- Provided information

=== Begin Enclosure ===

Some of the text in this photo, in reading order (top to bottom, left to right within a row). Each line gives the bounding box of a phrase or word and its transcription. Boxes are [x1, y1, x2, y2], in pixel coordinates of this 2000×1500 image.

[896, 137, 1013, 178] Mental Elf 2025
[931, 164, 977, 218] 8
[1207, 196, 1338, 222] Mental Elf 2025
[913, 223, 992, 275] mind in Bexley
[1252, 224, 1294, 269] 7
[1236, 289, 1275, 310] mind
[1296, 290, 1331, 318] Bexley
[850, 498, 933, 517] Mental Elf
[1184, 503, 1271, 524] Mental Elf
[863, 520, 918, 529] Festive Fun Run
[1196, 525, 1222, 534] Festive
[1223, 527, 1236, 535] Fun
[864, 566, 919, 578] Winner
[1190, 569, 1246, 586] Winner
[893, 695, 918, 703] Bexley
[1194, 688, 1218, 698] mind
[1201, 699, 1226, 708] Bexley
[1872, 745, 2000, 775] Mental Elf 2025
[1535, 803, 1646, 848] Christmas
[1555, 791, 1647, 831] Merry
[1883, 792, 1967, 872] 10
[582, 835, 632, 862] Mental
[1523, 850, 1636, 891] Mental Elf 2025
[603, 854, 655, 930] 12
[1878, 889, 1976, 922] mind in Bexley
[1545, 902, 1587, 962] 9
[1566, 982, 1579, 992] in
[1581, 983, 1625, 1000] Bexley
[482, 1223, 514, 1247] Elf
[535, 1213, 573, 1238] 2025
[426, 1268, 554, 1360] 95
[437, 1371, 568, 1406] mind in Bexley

=== End Enclosure ===

- Exercise aim
Restate the full material word for word.

- Answer below
Some of the text in this photo, in reading order (top to bottom, left to right within a row). Each line gives the bounding box of a phrase or word and its transcription. Boxes are [x1, y1, x2, y2], in pixel coordinates of this 2000×1500 image.

[896, 137, 1013, 178] Mental Elf 2025
[931, 164, 977, 218] 8
[1207, 196, 1338, 222] Mental Elf 2025
[913, 223, 992, 275] mind in Bexley
[1252, 224, 1294, 269] 7
[1236, 289, 1275, 310] mind
[1296, 290, 1331, 318] Bexley
[850, 498, 933, 517] Mental Elf
[1184, 503, 1271, 524] Mental Elf
[863, 520, 918, 529] Festive Fun Run
[1196, 525, 1222, 534] Festive
[1223, 527, 1236, 535] Fun
[864, 566, 919, 578] Winner
[1190, 569, 1246, 586] Winner
[893, 695, 918, 703] Bexley
[1194, 688, 1218, 698] mind
[1201, 699, 1226, 708] Bexley
[1872, 745, 2000, 775] Mental Elf 2025
[1535, 803, 1646, 848] Christmas
[1555, 791, 1647, 831] Merry
[1883, 792, 1967, 872] 10
[582, 835, 632, 862] Mental
[1523, 850, 1636, 891] Mental Elf 2025
[603, 854, 655, 930] 12
[1878, 889, 1976, 922] mind in Bexley
[1545, 902, 1587, 962] 9
[1566, 982, 1579, 992] in
[1581, 983, 1625, 1000] Bexley
[482, 1223, 514, 1247] Elf
[535, 1213, 573, 1238] 2025
[426, 1268, 554, 1360] 95
[437, 1371, 568, 1406] mind in Bexley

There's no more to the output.